I echo what others have said about it being too soon to set your DD with lots of equipment.

She may go on to do something related to photography / film or she may decide she prefers to keep that as a hobby and do something totally different.

DS2 has always been into drama and has been acting since he was young. At 14, he was determined to be an actor. At 18, he has decided that he would rather be behind the camera than in front of it and is off to Uni to do film studies.

Just encourage your DD's talent but prepare to be flexible. Set aside the money for whatever path she chooses if you want to support her.

mrsjay · 25/06/2013 19:47

DD is 15 and she wanted to be a chef and she has changed her mind dd1 was going to be a radiographer and do some sort of bio physics things at uni she didnt , just keep some money aside for her and encourage her hobby dont write her off because she is dyslexic ( i mean that in the nicest way )
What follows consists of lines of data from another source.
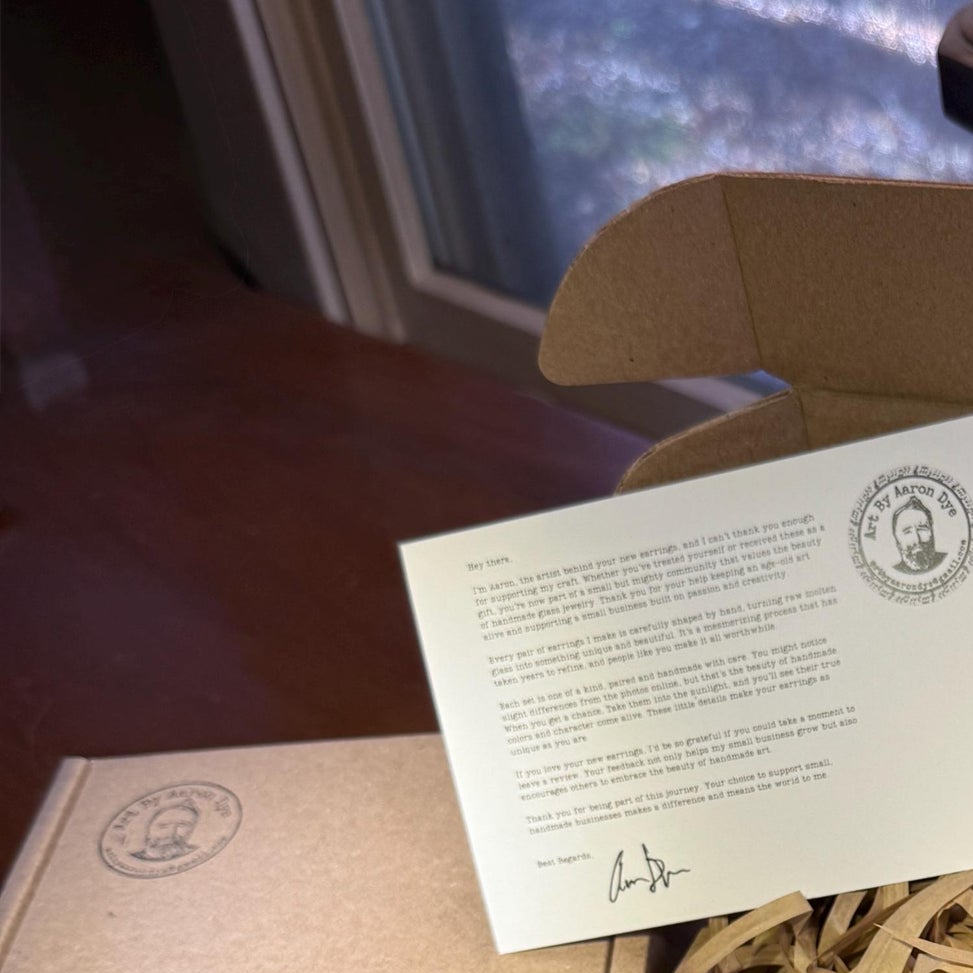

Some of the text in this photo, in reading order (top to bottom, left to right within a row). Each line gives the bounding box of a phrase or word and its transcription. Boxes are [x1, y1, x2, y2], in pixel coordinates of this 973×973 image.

[864, 484, 957, 541] Art By Aaron Dye
[489, 585, 538, 604] supporting
[582, 568, 620, 582] Whether
[687, 545, 725, 562] yourself
[739, 534, 777, 549] received
[535, 568, 560, 580] artist
[562, 561, 593, 575] behind
[781, 514, 815, 529] enough
[630, 571, 664, 586] mighty
[665, 559, 717, 578] community
[741, 548, 771, 561] values
[790, 537, 822, 552] beauty
[491, 610, 536, 626] handmade
[709, 566, 745, 582] keeping
[523, 615, 572, 633] supporting
[608, 599, 647, 614] business
[686, 584, 721, 599] passion
[533, 650, 580, 667] something
[581, 643, 613, 657] unique
[702, 612, 762, 633] mesmerizing
[763, 606, 797, 620] process
[546, 637, 585, 653] earrings
[628, 619, 669, 636] carefully
[670, 612, 703, 627] shaped
[746, 596, 783, 612] turning
[606, 651, 634, 665] people
[606, 675, 636, 689] paired
[656, 661, 702, 677] handmade
[800, 636, 827, 648] notice
[500, 709, 527, 722] slight
[528, 699, 577, 715] differences
[619, 685, 649, 698] photos
[745, 659, 776, 673] beauty
[506, 732, 533, 744] colors
[552, 720, 594, 735] character
[674, 700, 695, 711] little
[697, 694, 727, 706] details
[778, 676, 818, 692] earrings
[509, 743, 541, 757] unique
[606, 758, 644, 772] feedback
[755, 729, 794, 743] business
[685, 731, 722, 746] grateful
[807, 707, 844, 721] moment
[520, 749, 754, 802] encourages others embrace beauty handmade
[727, 773, 755, 785] choice
[768, 764, 803, 778] support
[528, 819, 573, 834] handmade
[574, 810, 622, 825] businesses
[661, 794, 705, 809] difference
ChippingInWiredOnCoffee · 25/06/2013 19:47

You can impulsively shove it in my account if you like Grin

mrsjay · 25/06/2013 19:48

You can impulsively shove it in my account if you like

Grin
Naebother · 25/06/2013 19:49

Get her a decent camera on the promise she looks after it and see if she shows aptitude. Encourage her to join art clubs at school. Investigate Saturday and holiday courses at art colleges for her but don't spend a for tune on kit yet.
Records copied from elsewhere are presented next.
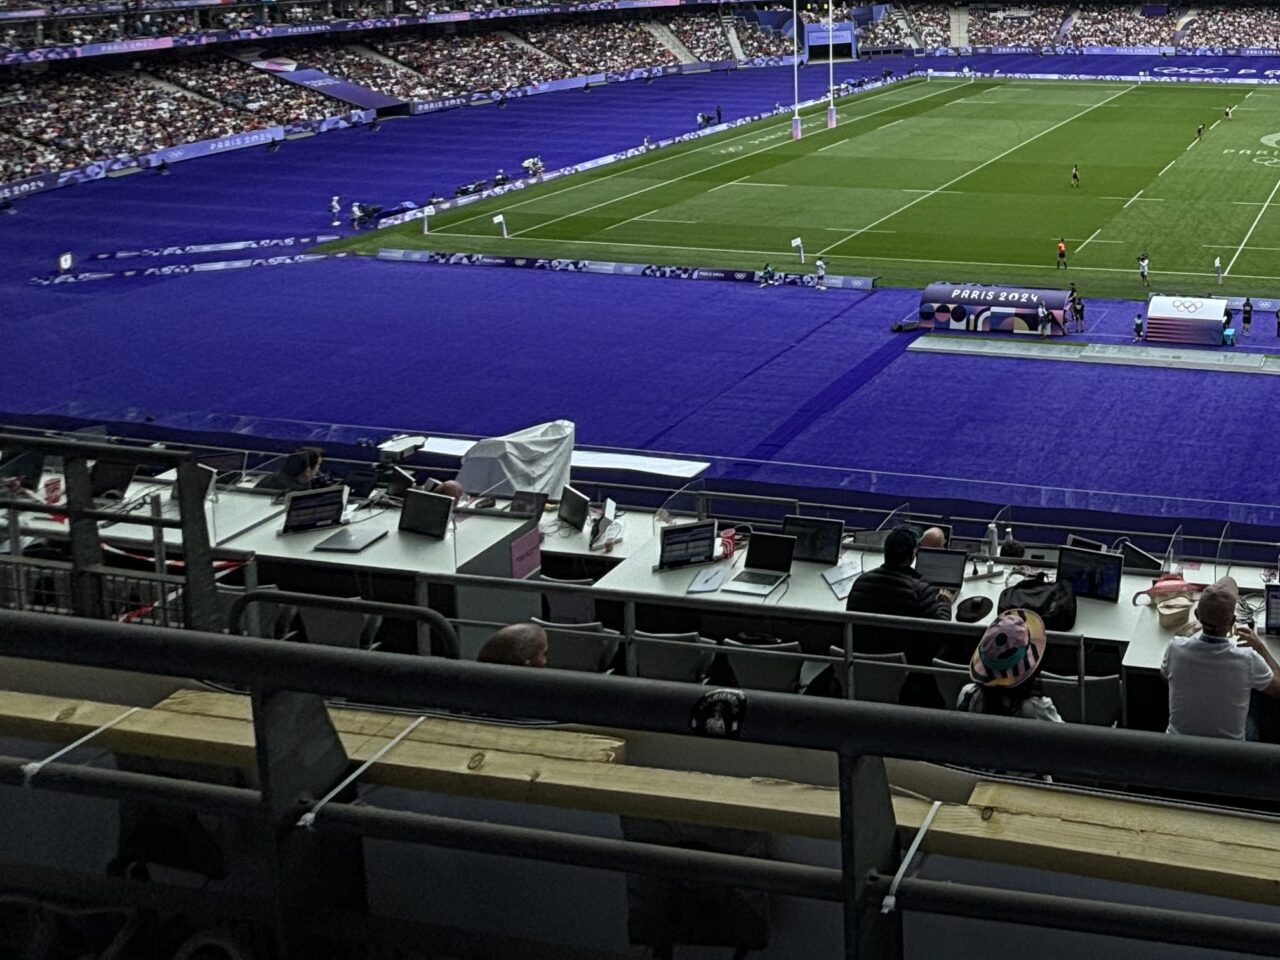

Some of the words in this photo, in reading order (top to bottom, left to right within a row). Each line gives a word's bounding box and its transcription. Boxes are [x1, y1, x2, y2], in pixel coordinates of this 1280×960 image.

[418, 102, 442, 111] PARIS
[444, 98, 466, 107] 2024
[210, 139, 241, 150] PARIS
[245, 133, 272, 144] 2024
[14, 182, 44, 195] 2024
[952, 289, 995, 300] PARIS
[999, 292, 1038, 303] 2024
DeathByTray · 25/06/2013 19:50

Chipping Grin

My future is on MN. I need a new laptop Wink

mrsjay · 25/06/2013 19:50

see if there is a summer camera club or something she could go to

stayathomegardener · 25/06/2013 19:50

I am confident she well do very well for herself chipping but not in anything that requires written structure which seems to be English,Sciences Humanities etc.
Hence I guess my desire to support is heightened.

OP posts:
MortifiedAdams · 25/06/2013 19:52

Spend some of the money on a great camera and some classes, maybe a subscription to a photography magazine.

Take her on a great holiday!

Invest the rest for when she becomes an adult.